Supplementary Material
Acknowledgements
We would like to thank all participants who donated blood to this study. We would also like to thank University of Miami Miller School of Medicine Onco-Genomics Sequencing Core.
Funding
Research reported in this publication was supported in part by the Dr. Nasser Al-Rashid Orbital Vision Research Endowment 700975 (D.T.T. and D.P.), a Department of Defense (DOD) Rare Cancers Research Program Grant W81XWH2211079 (D.P.), and the Adenoid Cystic Carcinoma Research Foundation (ACCRF) AWD006393 (D.P.). The Bascom Palmer Eye Institute is supported by NIH Center Core Grant P30EY014801 and a Research to Prevent Blindness Unrestricted Grant GRoo4596 (New York, NY, USA). The Sylvester Comprehensive Cancer Center shared resources are supported by the NCI Core Grant P30CA240139. The content is solely the responsibility of the authors and does not necessarily represent the official views of the NIH.
Abbreviations
- ACC
Adenoid cystic carcinoma
- AUC
Area under the curve
- CTC
Circulating tumor cells
- NED
No evidence of disease
- PBMC
Peripheral blood mononuclear cells
- ROC curve
Receiver operating characteristic curve
Footnotes
Competing interests
The authors declare that there are no competing interests.

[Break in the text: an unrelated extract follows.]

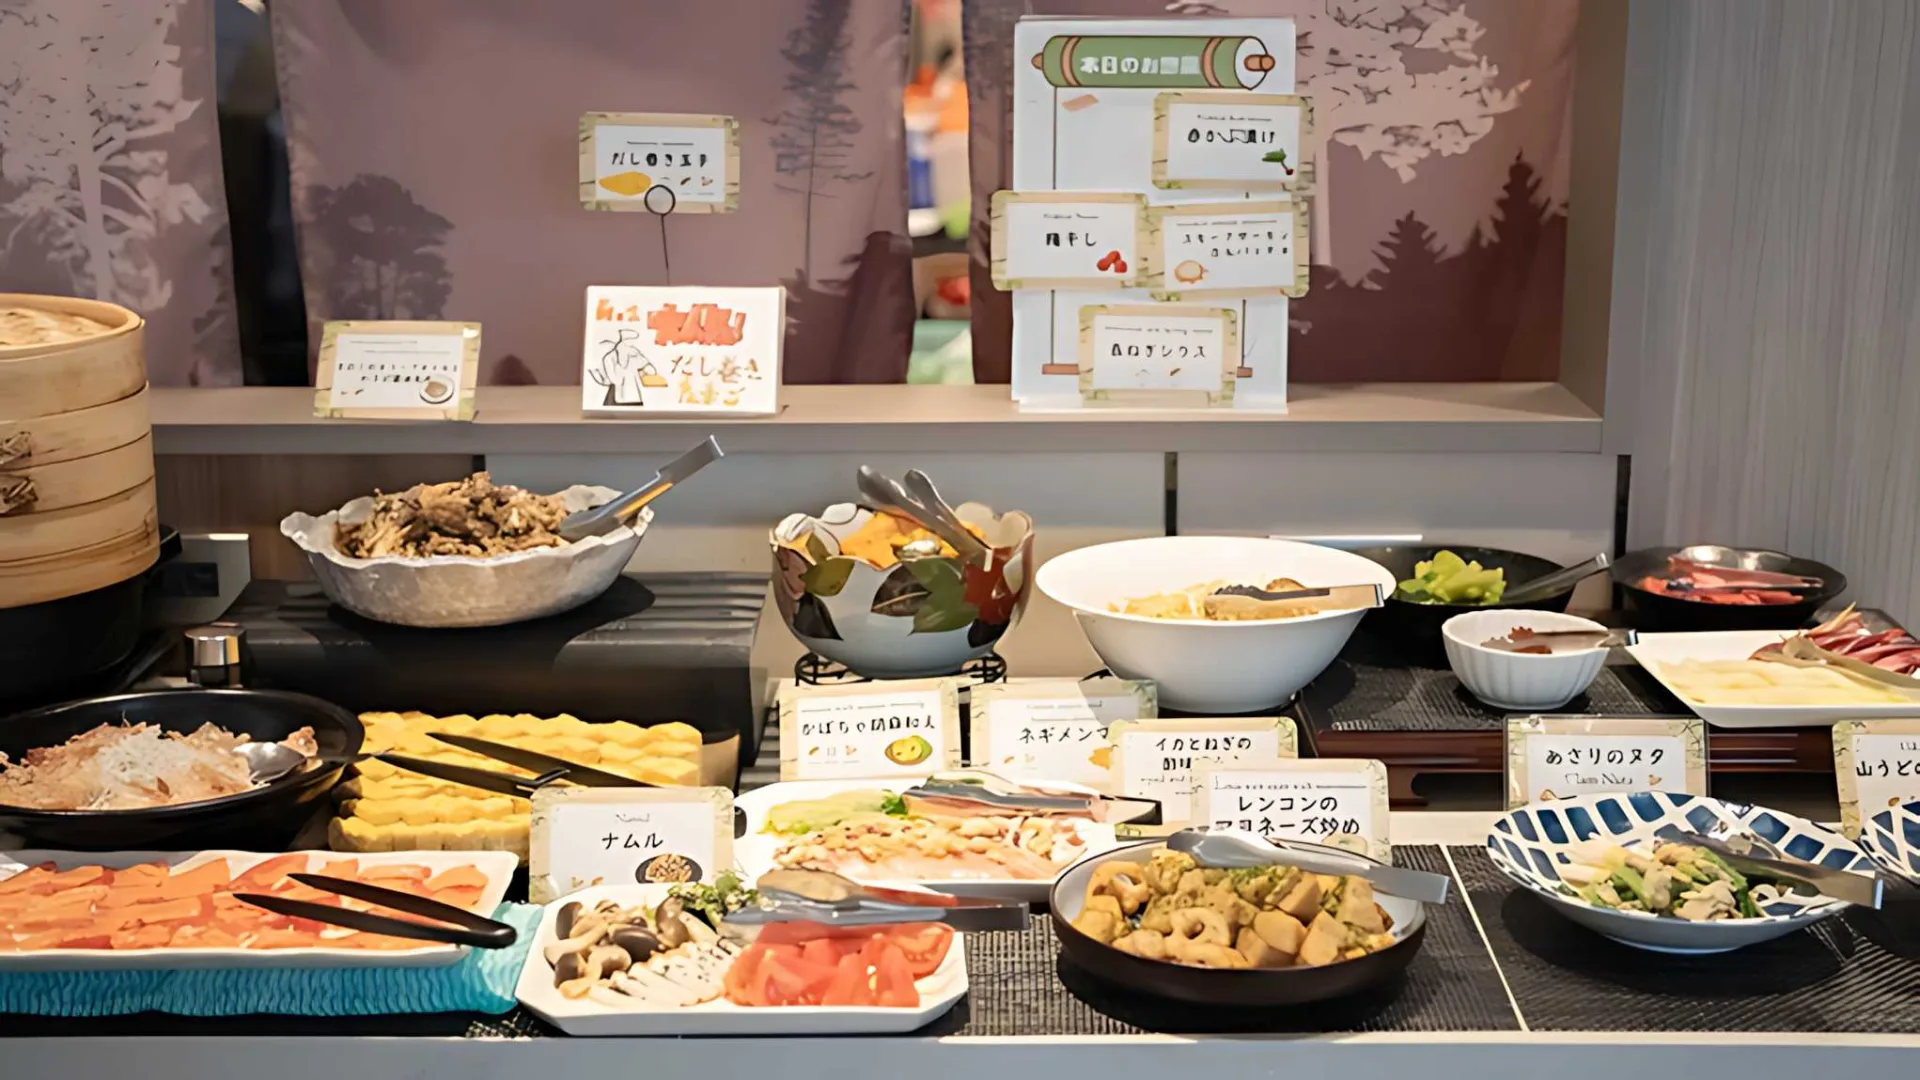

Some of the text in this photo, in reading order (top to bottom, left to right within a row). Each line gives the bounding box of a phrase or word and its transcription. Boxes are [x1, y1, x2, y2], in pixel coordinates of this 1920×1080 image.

Ethics approval and consent to participate
The University of Miami Institutional Review Board approved this study (IRB 20090524 and 20210471). All subjects gave a written informed consent to participate in the study. The study was conducted in a Health Insurance Portability and Accountability Act of 1996–compliant manner.
Consent for publication
All authors give consent for the publication of the following content.
Availability for data and materials
Data presented is all available upon request to the corresponding author.